The history of the secondary institutions, the laws and practices that surrounded the academy and the early high school, give an intelligent conception of secondary education in Illinois at the present time. Experience thus becomes an intelligent guide for future action.

CHAPTER XV.

Summary and Conclusion.

Illinois is an excellent example of a midwestern state that was settled by people from the older states of the East and the South for the purpose usually, of raising their economic status by taking advantage of the relatively free western land. When the State was admitted as a member of the Union, the congressional land grants, the basis of which was created by the Northwest Ordinances, were accepted by the people for educational purposes. The earliest schools were individualistic and sporadic attempts that were attended with meager success in a hostile, wilderness country. More concentrated action occurred when the legislature, beginning in 1818, adopted the policy of granting special charters to groups of individuals for the creation of semi-public academies. Some of the requirements were to make it possible for the poor of the community to be educated at public expense; other provisions looked forward to the time when all classes in the locality, including the girls, should receive free tuition if the funds of the institution permitted it. All charters required religious free dom, but allowed the administrative board to perform any other function that was not contrary to law. The purposes for which the academy was established, the form of administrative organization, and the financial support varied.

The aims of the academy were to disseminate useful knowledge; to give women high intellectual and moral culture; to fit youth for the various duties of life; to prepare teachers for the common schools; to promote science and literature; to develop a sound physical body; to act as libraries; to establish a system of manual labor, and to educate the children of the common man. The manner of election, the number, and the term of the trustees followed no general rule, although the powers conferred on them were usually those

that were granted to bodies politic and corporate. The support came from the rent or the sale of school lands; a share in the common school fund; gifts; endowments; the sale of shares of stock; and, tuition.
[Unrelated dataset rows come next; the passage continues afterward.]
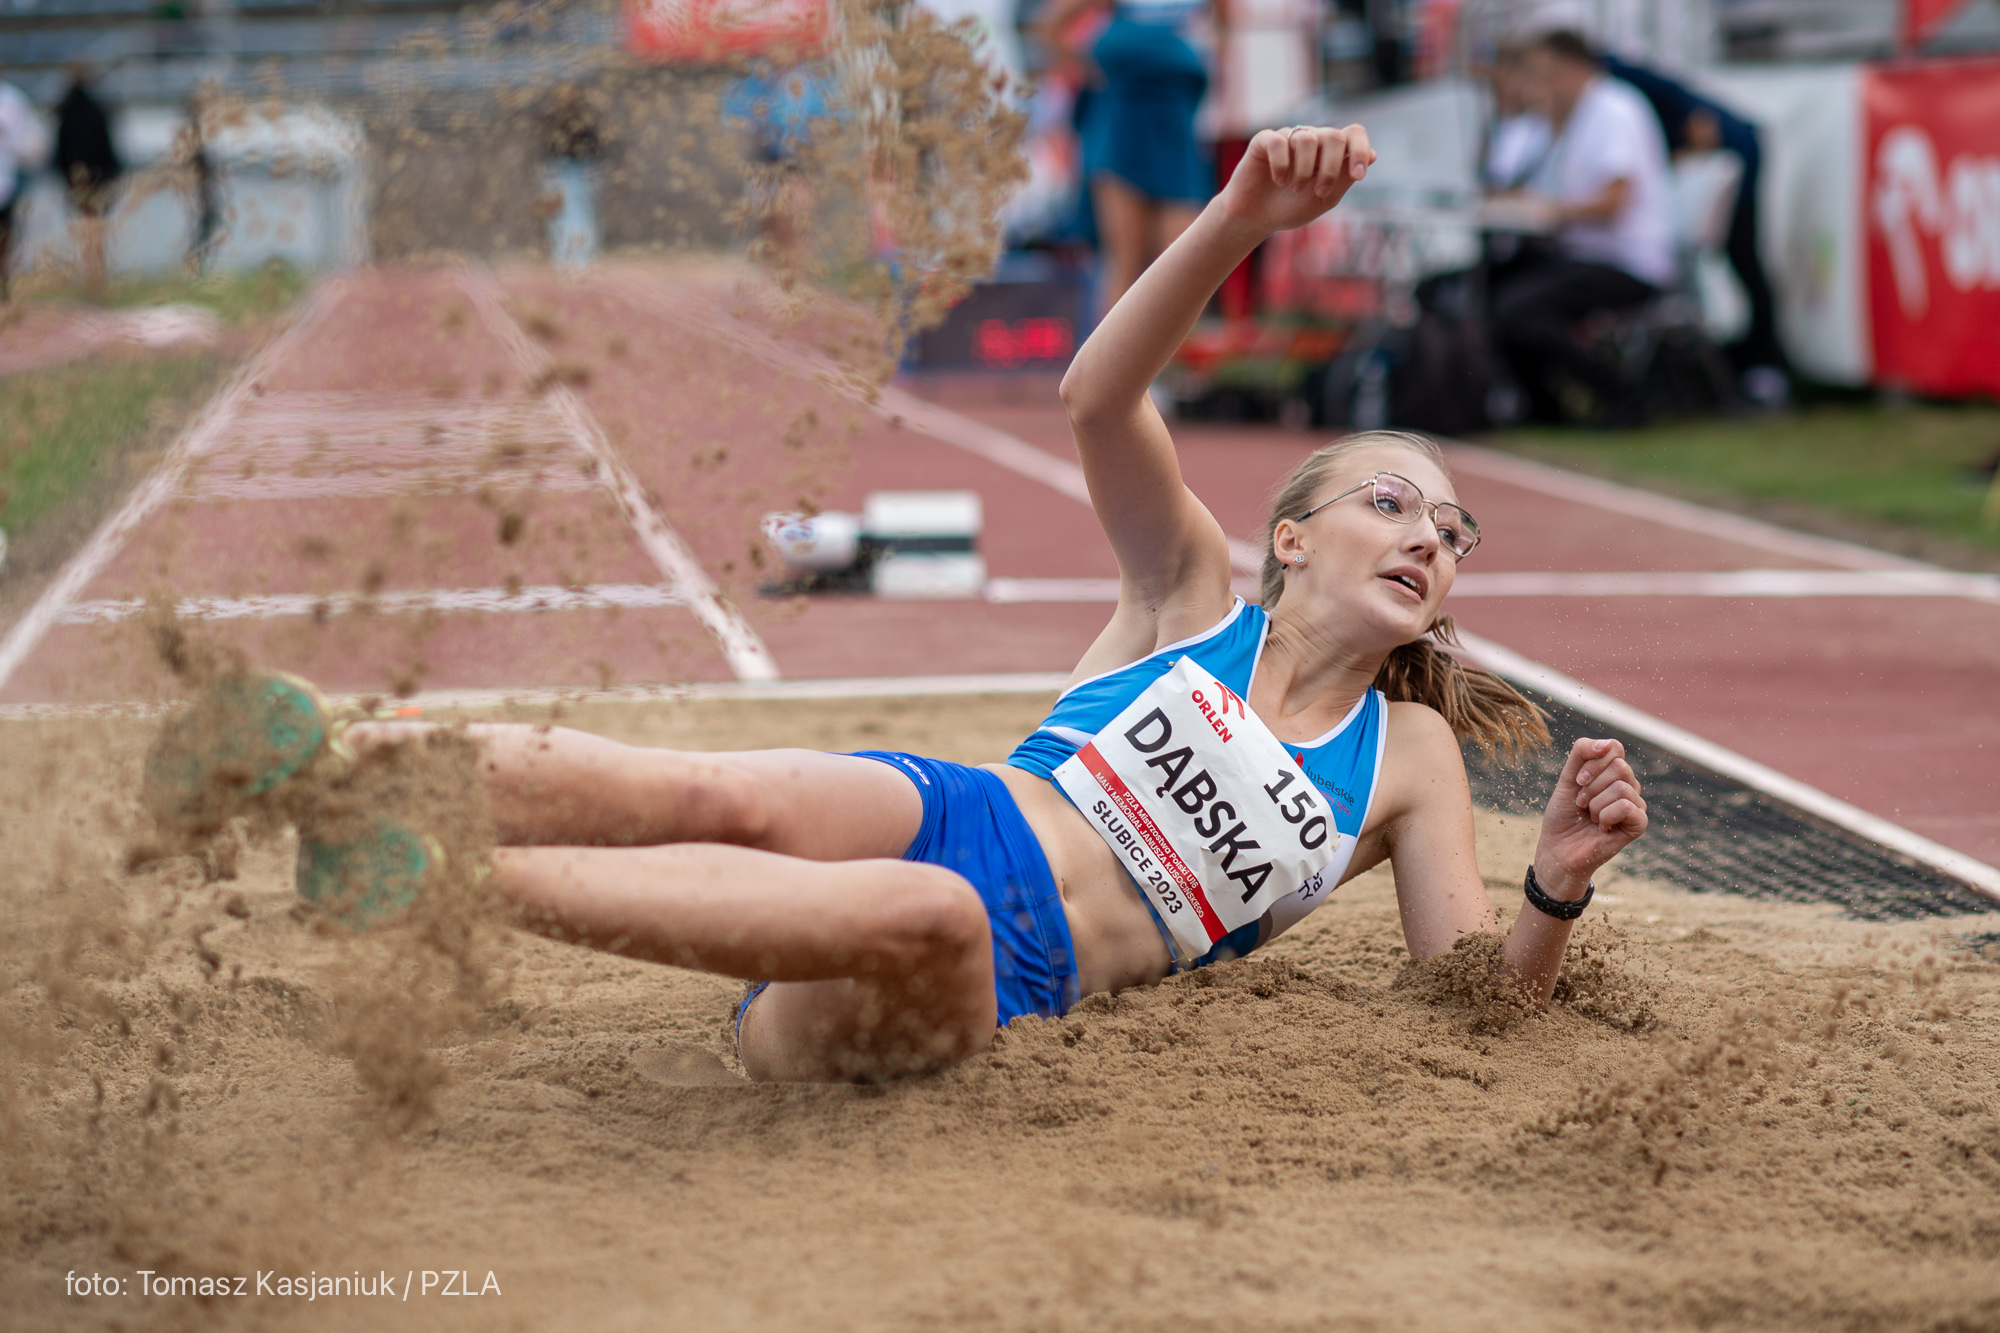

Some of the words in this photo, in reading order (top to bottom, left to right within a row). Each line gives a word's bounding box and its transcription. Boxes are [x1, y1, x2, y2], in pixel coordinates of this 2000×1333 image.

[1191, 689, 1233, 744] ORLEN
[1123, 706, 1274, 904] DĄBSKA
[1263, 768, 1328, 850] 150
[1306, 765, 1355, 807] lubelskie
[1092, 799, 1154, 873] SŁUBICE
[1147, 870, 1183, 915] 2023
[1094, 771, 1115, 793] MAŁY
[1110, 790, 1143, 831] MEMORIAŁ
[1139, 829, 1166, 865] JANUSZA
[1164, 861, 1205, 919] KUSOCIŃSKIEGO
[1122, 791, 1140, 812] PZLA
[1136, 808, 1172, 855] Mistrzostwa
[1169, 852, 1190, 877] Polski
[1186, 873, 1199, 889] U16
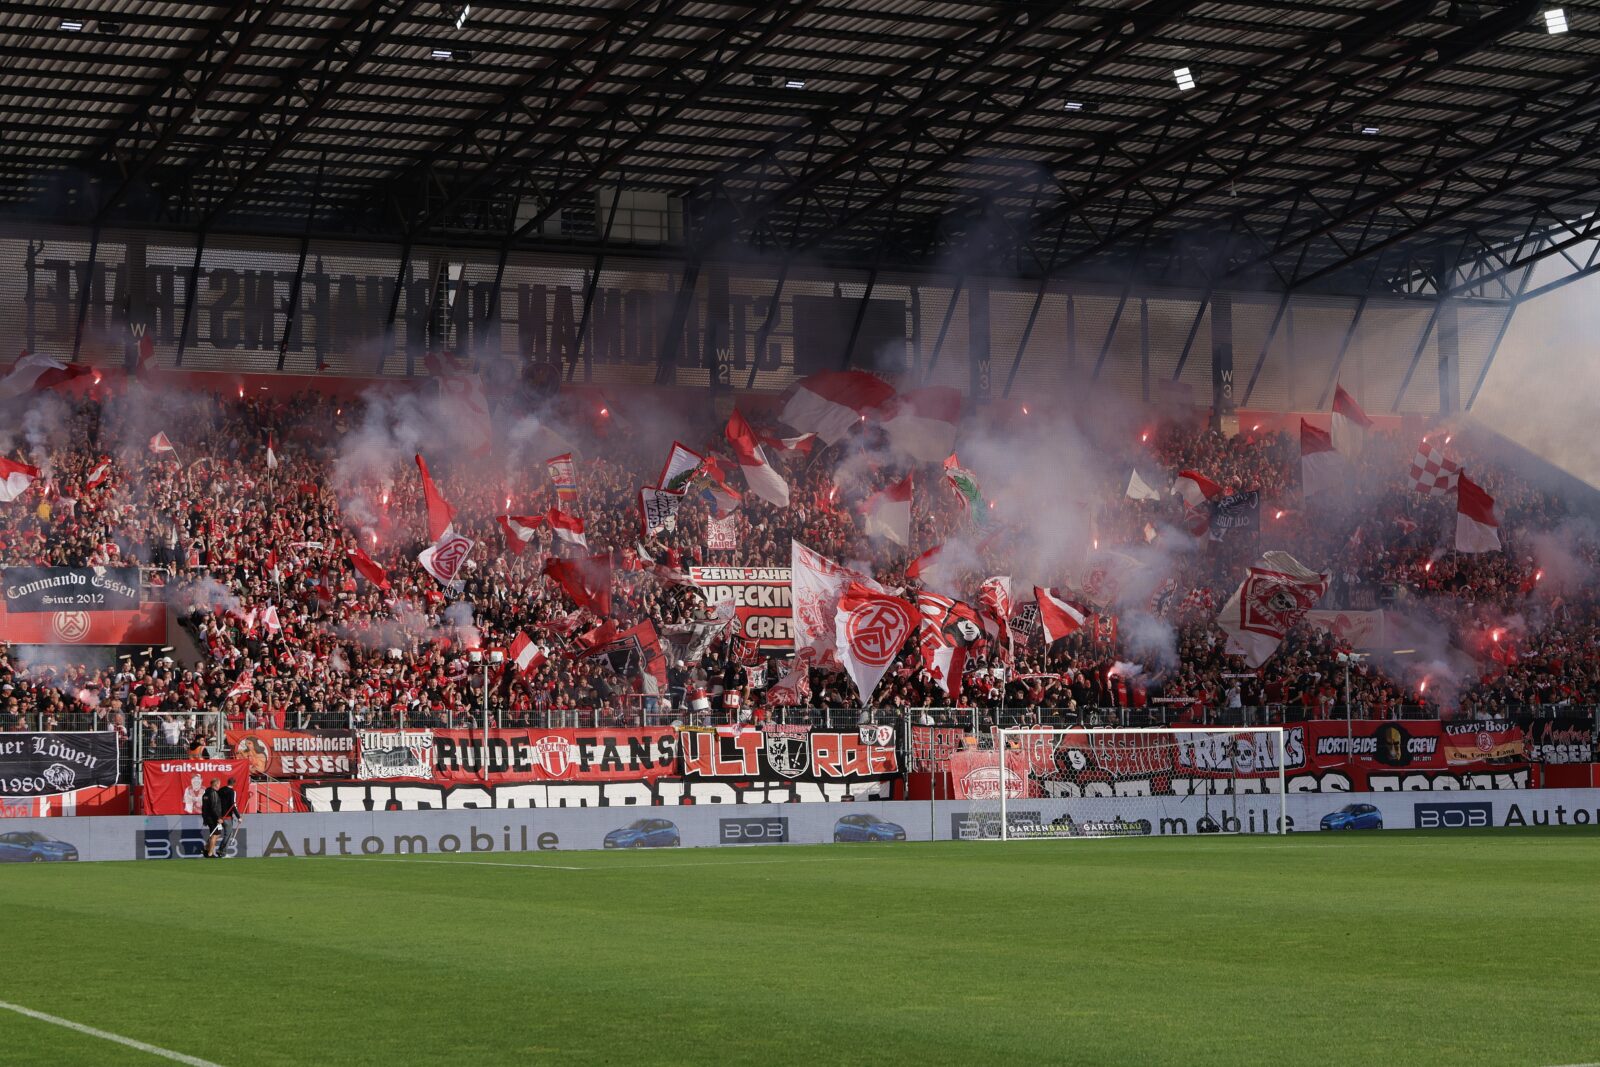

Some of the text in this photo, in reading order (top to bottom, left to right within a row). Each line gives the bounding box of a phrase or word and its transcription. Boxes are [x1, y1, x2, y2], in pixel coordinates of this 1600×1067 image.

Much of the machinery that existed for the administrative organization and supervision of education was found in the church. Missionary preachers opened academies in the centers of population to educate the youth, as well as to prepare ministers of the gospel. McKendreean, Alton, and Illinois Colleges, respectively representing Methodist, Baptist, and Presbyterian-Congregational efforts, united their strength before the legislature granted them charters. Following the period of the legislature-church struggle, charters were freely given to academies, but many of them were modeled upon college charters which had shown the unmistakable influence of New England and the Yale movement in Illinois.

The State went little farther than to grant charters to groups of individuals for academic purposes, or to recognize permissively any unchartered institution that kept within the bounds of law. The results were that the standards for admission, tuition fees, the length of the school year, and the length of the school day were in no sense uniform throughout the State. However, the academy did retain the core of subjects of the Latin grammar school, around which other subjects were added to prepare students for useful and professional positions in life. Besides the ancient languages and arithmetic, modern languages, more mathematical subjects, some social sciences, natural and physical sciences, philosophy, religion, cultural and artistic subjects, and manual labor, were added. Formal examinations were conducted, at the close of each term, by a local committee of prominent men, usually ministers, to pass judgment on the efficiency of instruction. Occasionally, a farsighted, liberal minded academic principal indicated some of the social values of an education.

A utilitarian educational philosophy was introduced in the West by the manual labor movement which maintained: that only the useful in schools was valuable; that mental and physical work were practicable only when they were united; that conjoint mental and physical work were economical because time was saved in gaining knowledge and learning a

trade; that manual labor connected with the schools was far superior to harmful play; that new and better opportunities were opened up through which a living could be made; that manual labor connected with scholastic pursuits, above all, was democratic, and that the cost of theoretical and practical education was within the reach of a larger number. The editors, churches, missionary societies, and the early educational leaders were convinced of the value of the system that was advocated by Neef and Maclure. Consequently, manual labor schools were created, and that feature was incorporated in several of the literary institutions. Turner followed up the idea, enlarged it and made it more specific in his plan for and the advocacy of a system of education in which the common man would have equal advantages with the professional classes. Partly due to his efforts, the Morrill Land Grant Act was passed by congress, and the Illinois Industrial University was chartered. A decade later, the high schools began to introduce some features of the manual labor idea in the system of manual training.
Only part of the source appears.